(Beginning of Recorded information)
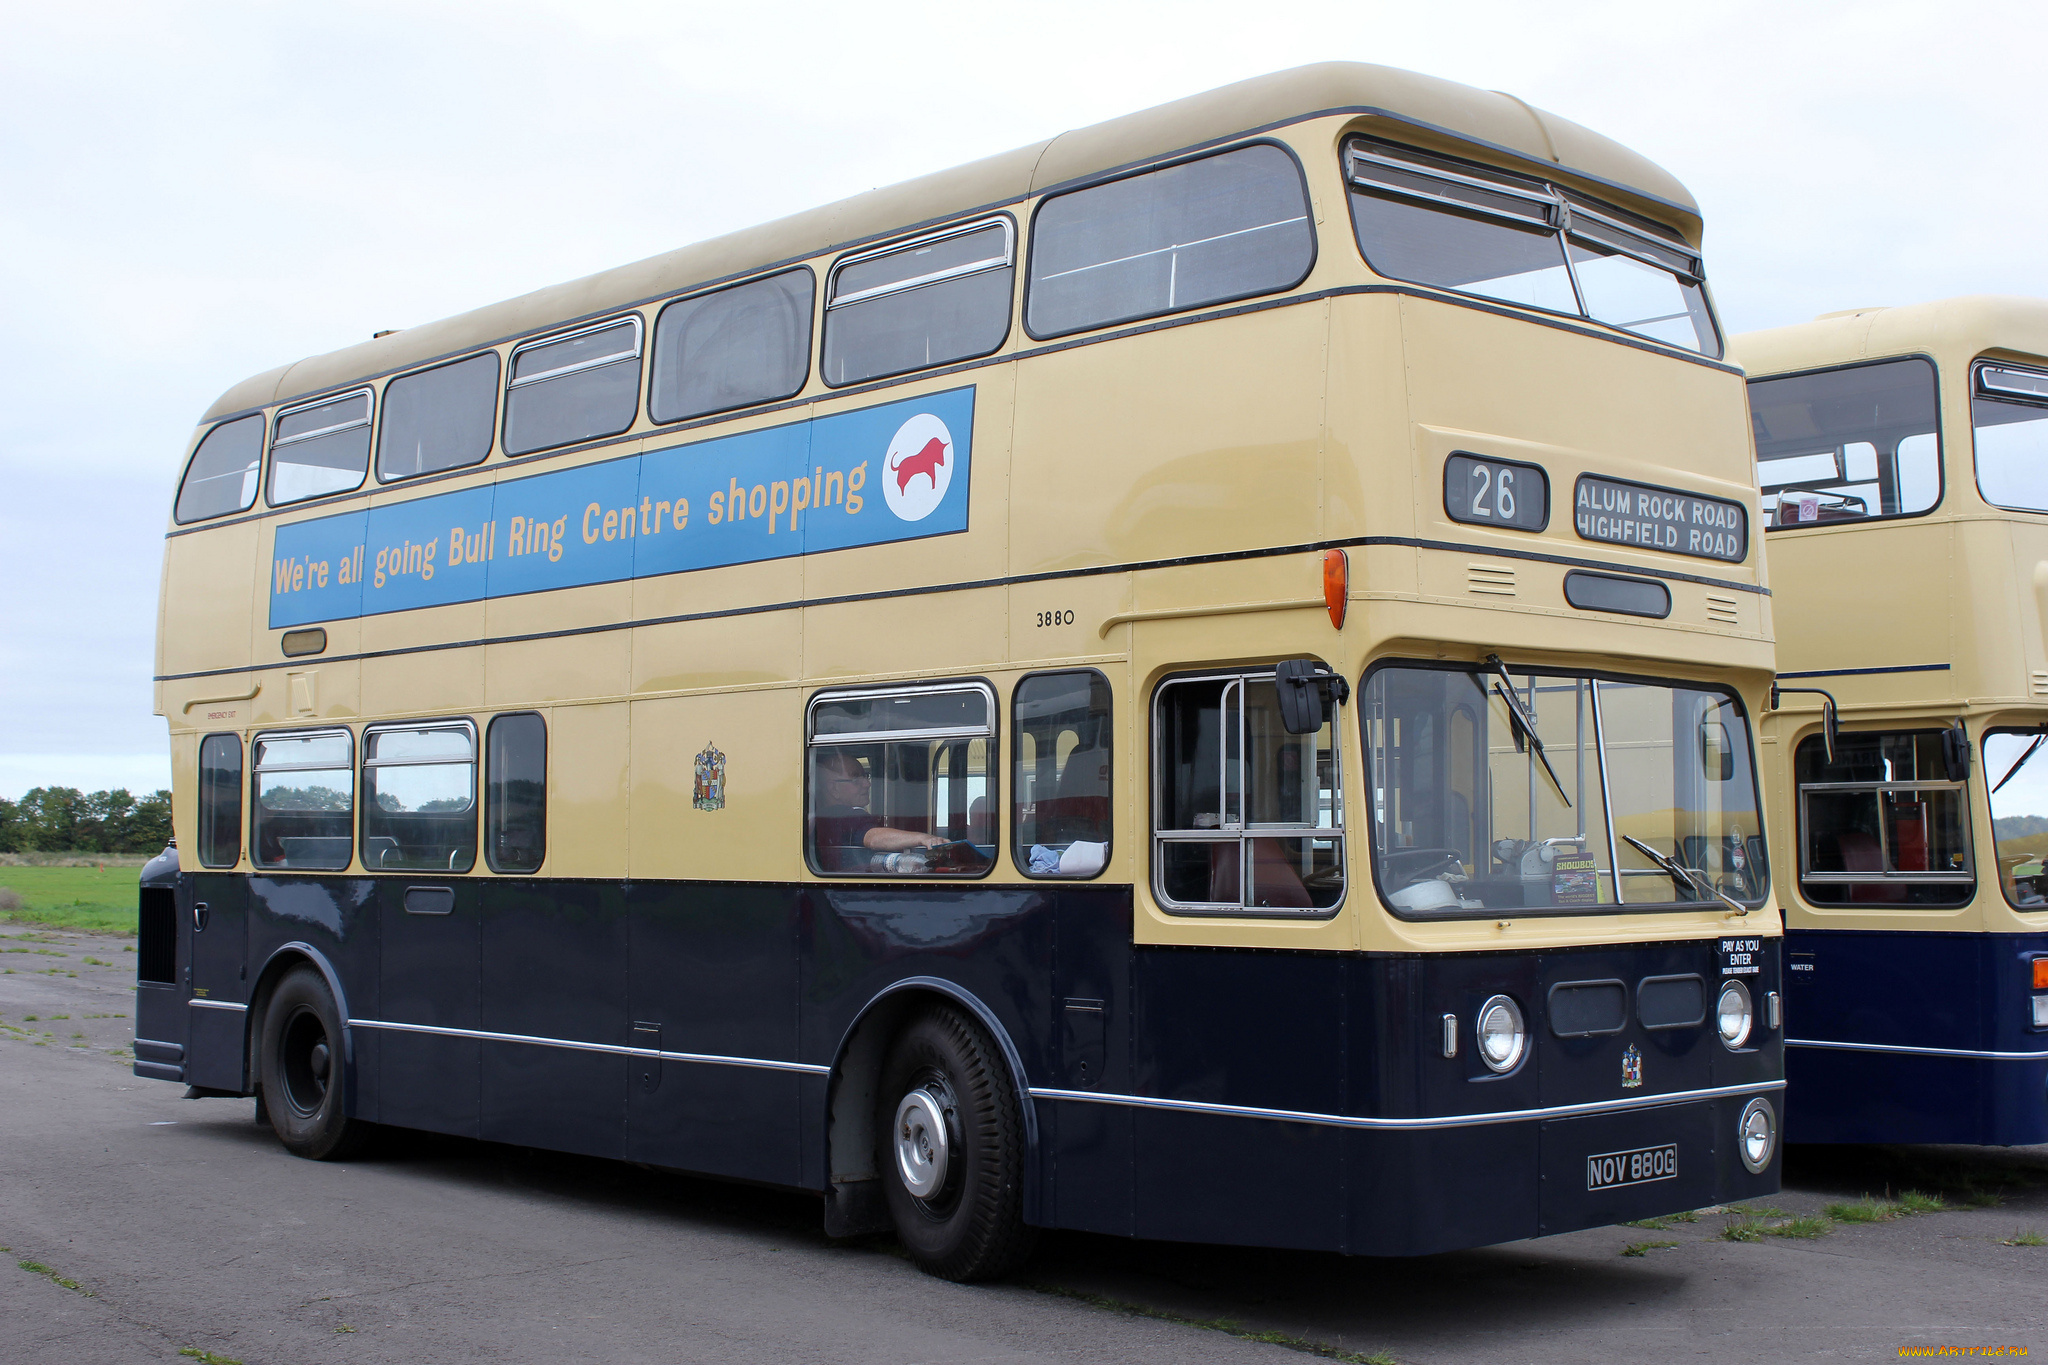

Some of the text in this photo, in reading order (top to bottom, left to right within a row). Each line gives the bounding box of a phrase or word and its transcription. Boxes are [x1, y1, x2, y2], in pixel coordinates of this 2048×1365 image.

[1472, 464, 1516, 519] 26
[1577, 484, 1738, 530] ALUM ROCK ROAD
[275, 460, 868, 594] We're all going Bull Ring Centre shopping
[1577, 513, 1738, 557] HIGHFIELD ROAD
[1036, 609, 1075, 628] 3880
[1722, 940, 1760, 953] PAY AS YOU
[1730, 953, 1752, 966] ENTER
[1790, 963, 1814, 972] WATER
[1590, 1149, 1675, 1186] NOV 880G
(End of Recorded information)
[Assignment]: Leave the pictures out and reproduce all of the records exactly.

[Answer space]:
Some of the text in this photo, in reading order (top to bottom, left to right within a row). Each line gives the bounding box of a phrase or word and its transcription. Boxes are [x1, y1, x2, y2], in pixel coordinates of this 2048×1365 image.

[1472, 464, 1516, 519] 26
[1577, 484, 1738, 530] ALUM ROCK ROAD
[275, 460, 868, 594] We're all going Bull Ring Centre shopping
[1577, 513, 1738, 557] HIGHFIELD ROAD
[1036, 609, 1075, 628] 3880
[1722, 940, 1760, 953] PAY AS YOU
[1730, 953, 1752, 966] ENTER
[1790, 963, 1814, 972] WATER
[1590, 1149, 1675, 1186] NOV 880G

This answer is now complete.